● **WHAT IS REQUIRED**
Repeat the entries exactly, and do not carry the pictures over.

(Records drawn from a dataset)
------------------------------

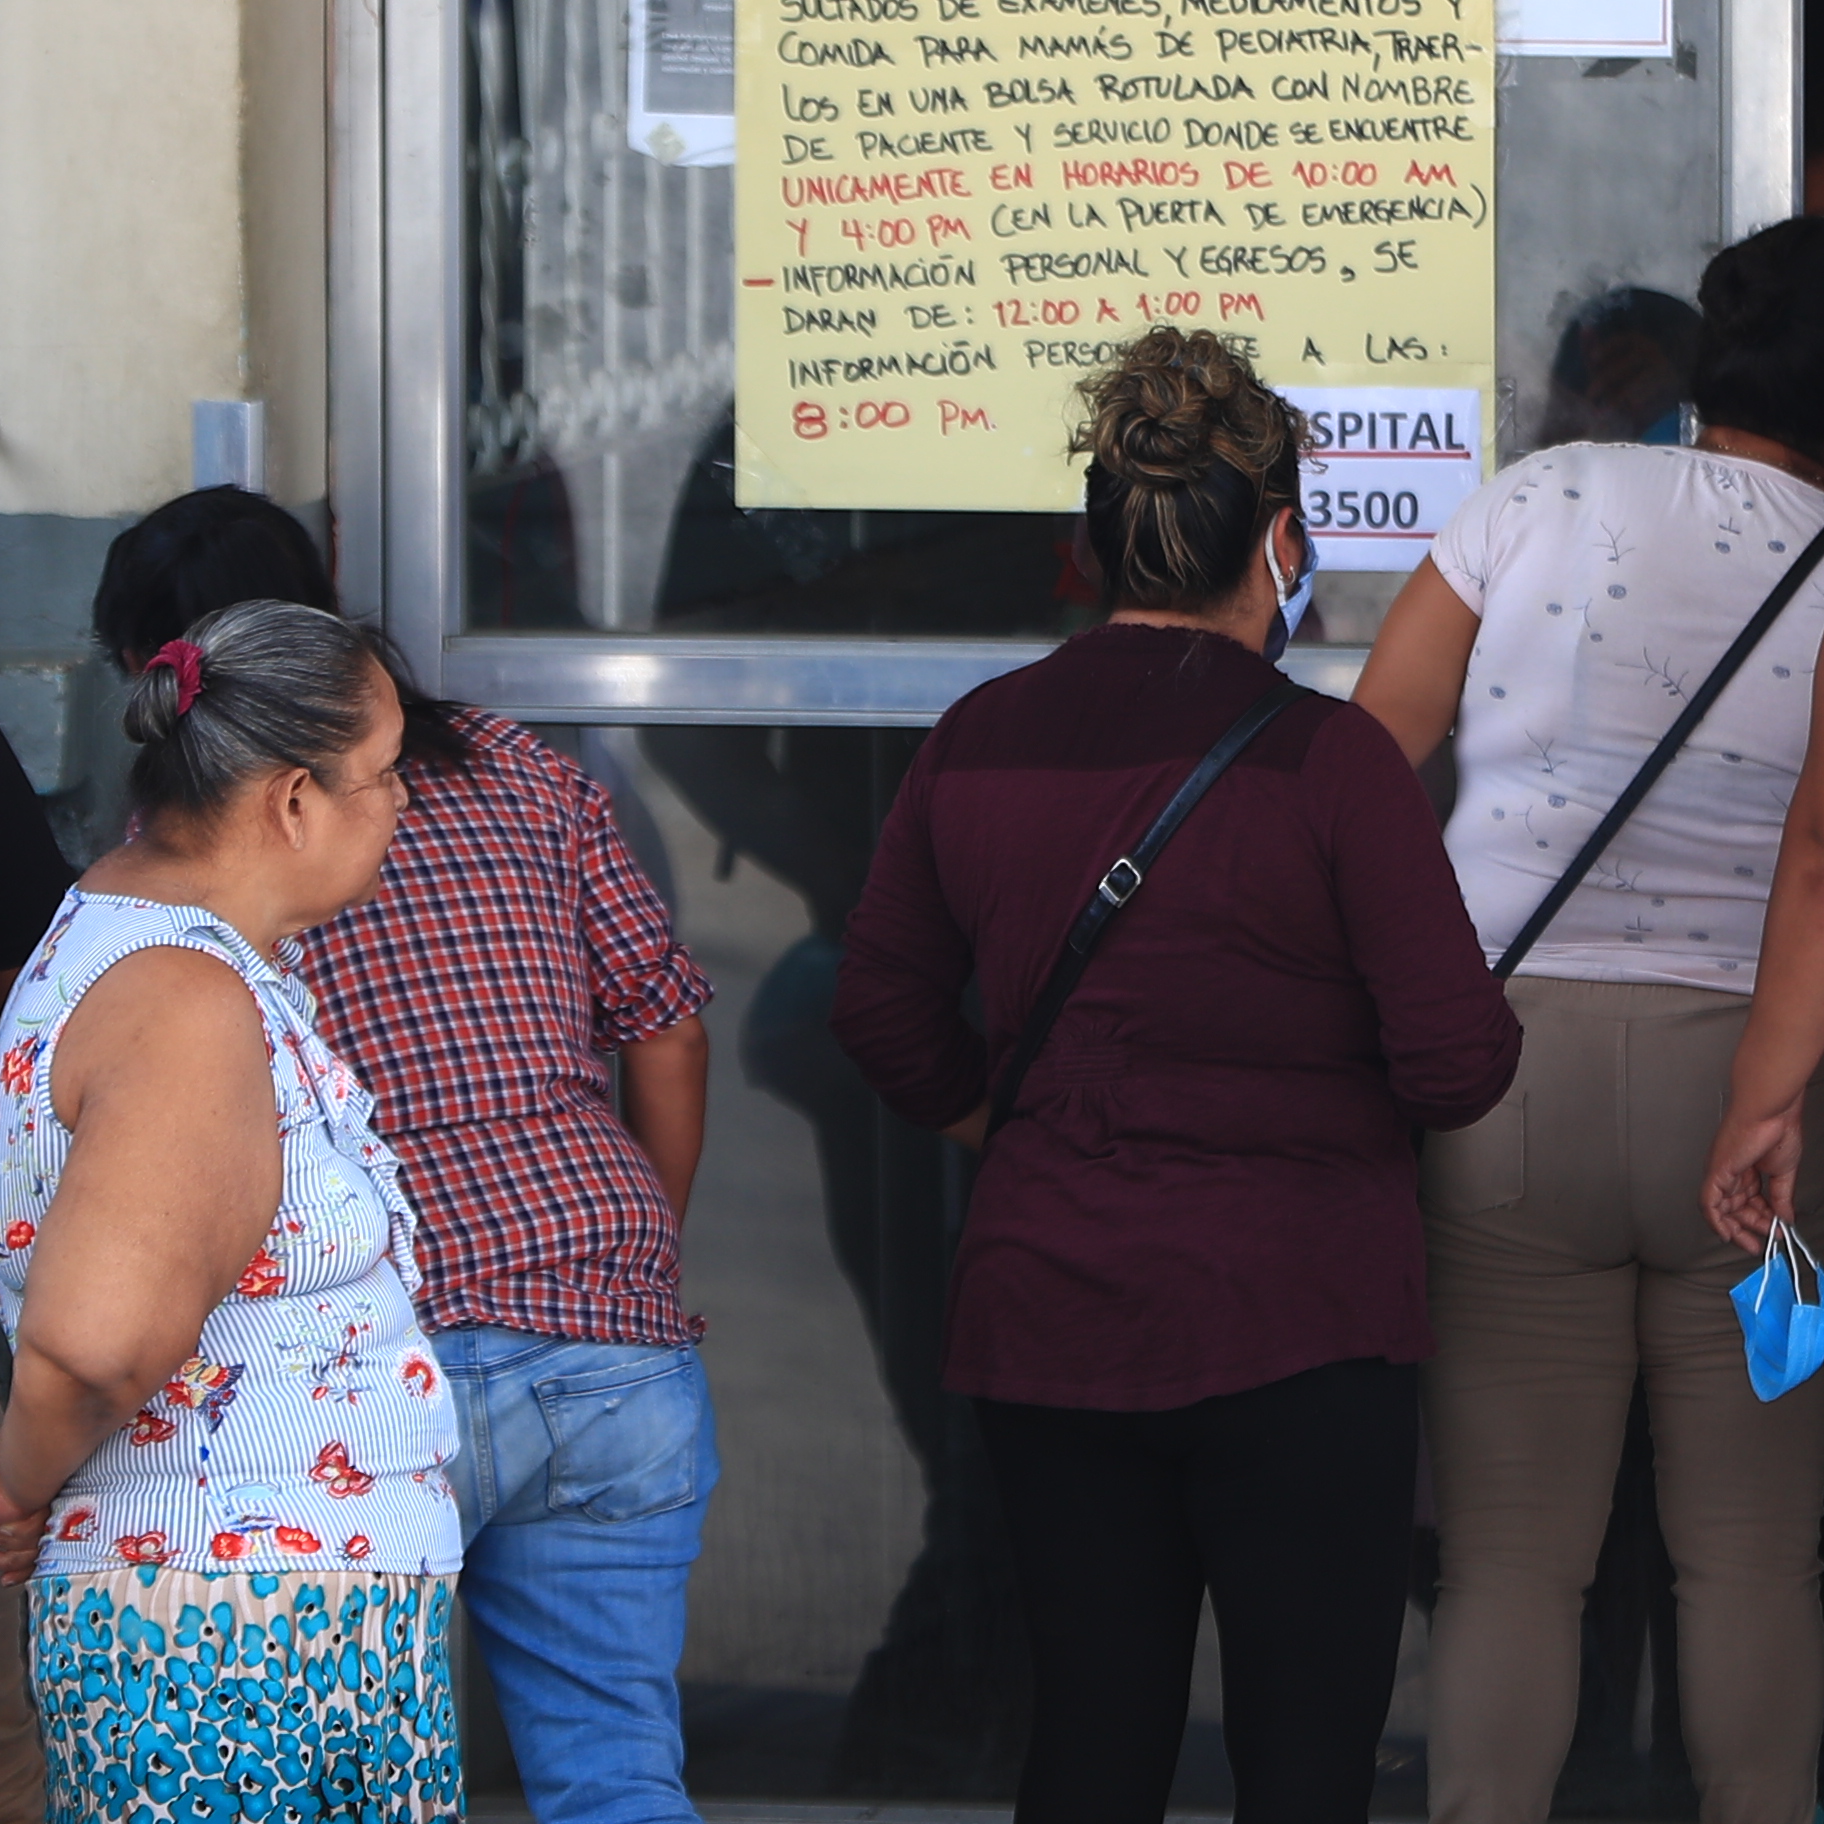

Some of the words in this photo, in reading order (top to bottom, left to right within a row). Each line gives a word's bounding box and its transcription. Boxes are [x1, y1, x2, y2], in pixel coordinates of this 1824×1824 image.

[777, 30, 896, 68] COMIDA
[915, 34, 999, 69] PARA
[1019, 25, 1133, 61] MAMÁS
[1154, 30, 1195, 59] DE
[781, 83, 840, 124] LOS
[857, 88, 896, 118] EN
[908, 85, 969, 115] UNA
[982, 77, 1077, 109] BOLSA
[1093, 73, 1256, 103] ROTULADA
[1271, 70, 1330, 102] CON
[1342, 72, 1475, 106] NOMBRE
[782, 134, 834, 166] DE
[855, 128, 994, 160] PACIENTE
[1014, 122, 1032, 154] Y
[1053, 117, 1171, 148] SERVICIO
[1183, 117, 1279, 152] DONDE
[1288, 121, 1325, 145] SE
[1328, 114, 1474, 143] ENCUENTRE
[781, 167, 973, 208] UNICAMENTE
[989, 162, 1034, 191] EN
[1062, 157, 1200, 190] HORARIOS
[1223, 160, 1273, 191] DE
[1292, 160, 1378, 189] 10:00
[1404, 159, 1458, 188] AM
[786, 217, 809, 257] Y
[841, 218, 916, 252] 4:00
[926, 213, 972, 247] PM
[1068, 201, 1107, 229] LA
[1116, 196, 1226, 233] PUERTA
[1243, 202, 1287, 232] DE
[1301, 183, 1487, 230] EMERGENCIA)
[999, 247, 1150, 286] PERSONAL
[1168, 245, 1190, 279] Y
[1373, 239, 1419, 274] SE
[782, 305, 877, 338] DARAN
[905, 303, 974, 330] DE:
[992, 298, 1080, 328] 12:00
[1096, 297, 1120, 323] A
[1136, 290, 1201, 321] 1:00
[1219, 292, 1265, 322] PM
[1301, 336, 1326, 366] A
[1365, 332, 1448, 365] LAS:
[792, 400, 912, 441] 8:00
[1310, 411, 1465, 450] SPITAL
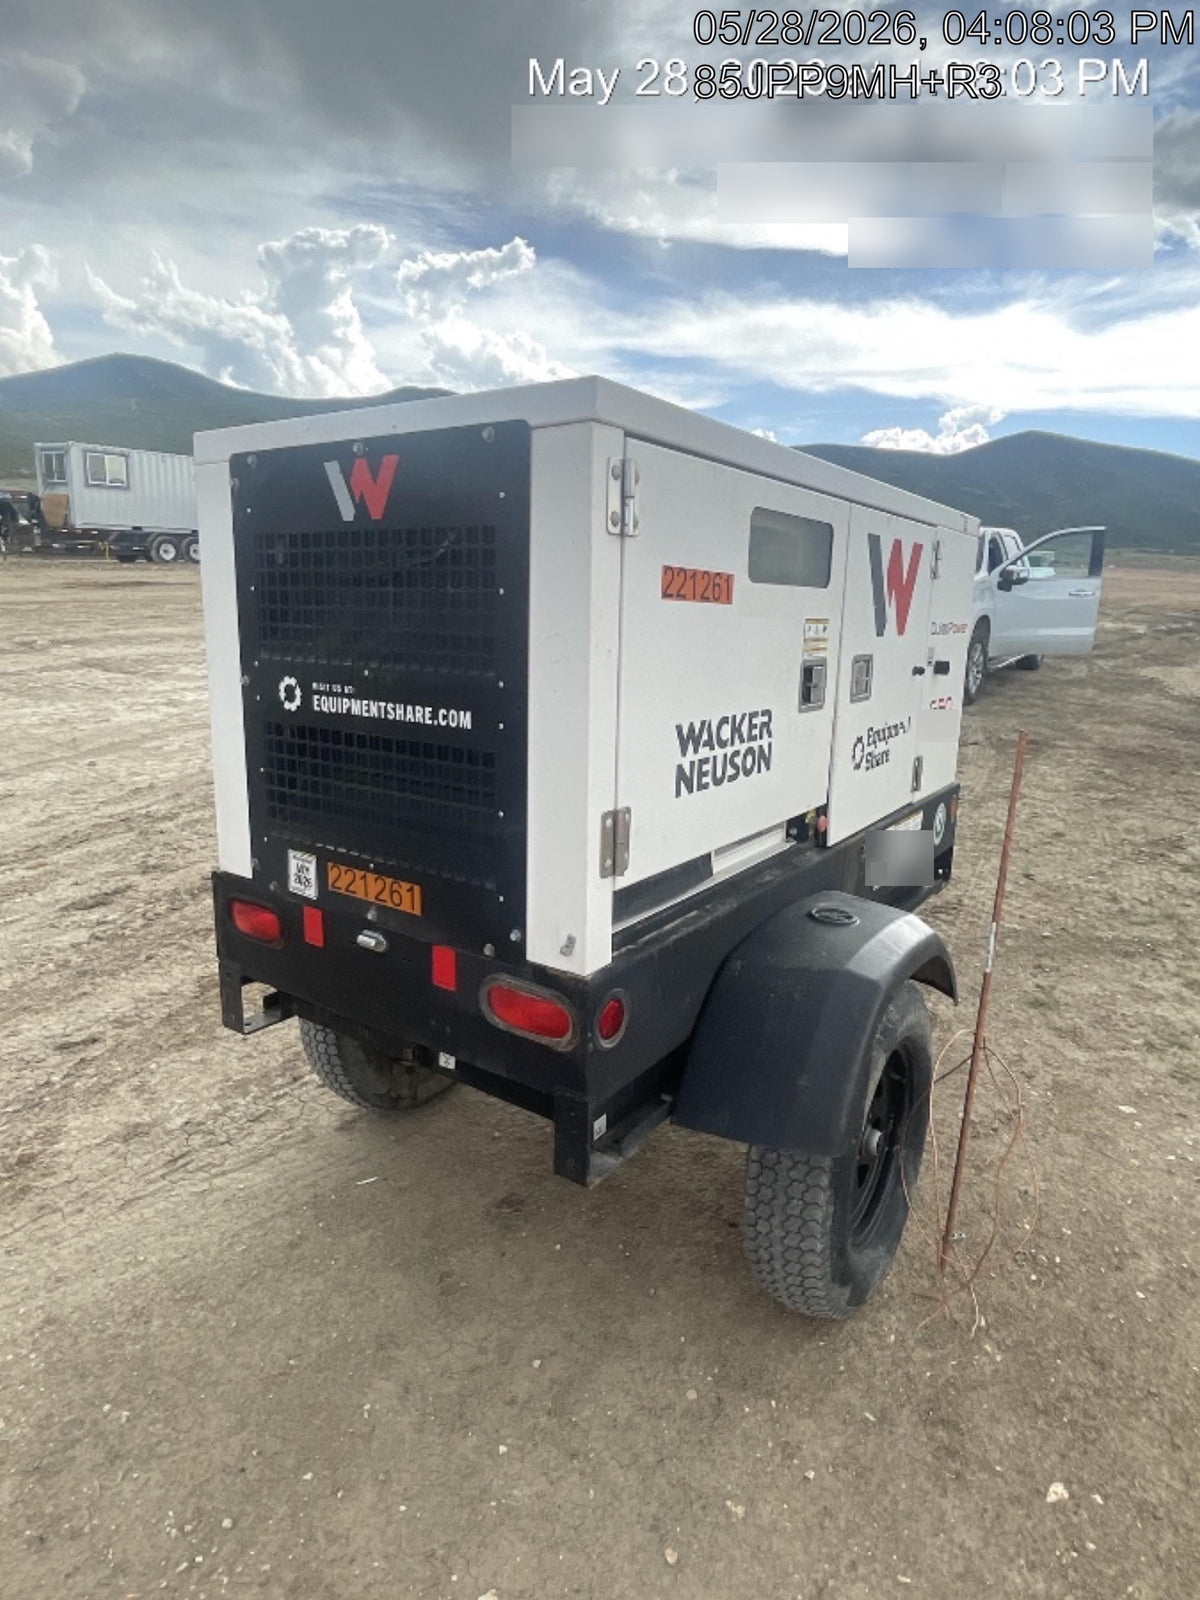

------------------------------

● **OUTPUT OF THE TASK**
Some of the words in this photo, in reading order (top to bottom, left to right within a row). Each line gives a word's bounding box and its transcription. Boxes are [x1, y1, x2, y2], in pixel coordinates of this 1824×1824 image.

[777, 30, 896, 68] COMIDA
[915, 34, 999, 69] PARA
[1019, 25, 1133, 61] MAMÁS
[1154, 30, 1195, 59] DE
[781, 83, 840, 124] LOS
[857, 88, 896, 118] EN
[908, 85, 969, 115] UNA
[982, 77, 1077, 109] BOLSA
[1093, 73, 1256, 103] ROTULADA
[1271, 70, 1330, 102] CON
[1342, 72, 1475, 106] NOMBRE
[782, 134, 834, 166] DE
[855, 128, 994, 160] PACIENTE
[1014, 122, 1032, 154] Y
[1053, 117, 1171, 148] SERVICIO
[1183, 117, 1279, 152] DONDE
[1288, 121, 1325, 145] SE
[1328, 114, 1474, 143] ENCUENTRE
[781, 167, 973, 208] UNICAMENTE
[989, 162, 1034, 191] EN
[1062, 157, 1200, 190] HORARIOS
[1223, 160, 1273, 191] DE
[1292, 160, 1378, 189] 10:00
[1404, 159, 1458, 188] AM
[786, 217, 809, 257] Y
[841, 218, 916, 252] 4:00
[926, 213, 972, 247] PM
[1068, 201, 1107, 229] LA
[1116, 196, 1226, 233] PUERTA
[1243, 202, 1287, 232] DE
[1301, 183, 1487, 230] EMERGENCIA)
[999, 247, 1150, 286] PERSONAL
[1168, 245, 1190, 279] Y
[1373, 239, 1419, 274] SE
[782, 305, 877, 338] DARAN
[905, 303, 974, 330] DE:
[992, 298, 1080, 328] 12:00
[1096, 297, 1120, 323] A
[1136, 290, 1201, 321] 1:00
[1219, 292, 1265, 322] PM
[1301, 336, 1326, 366] A
[1365, 332, 1448, 365] LAS:
[792, 400, 912, 441] 8:00
[1310, 411, 1465, 450] SPITAL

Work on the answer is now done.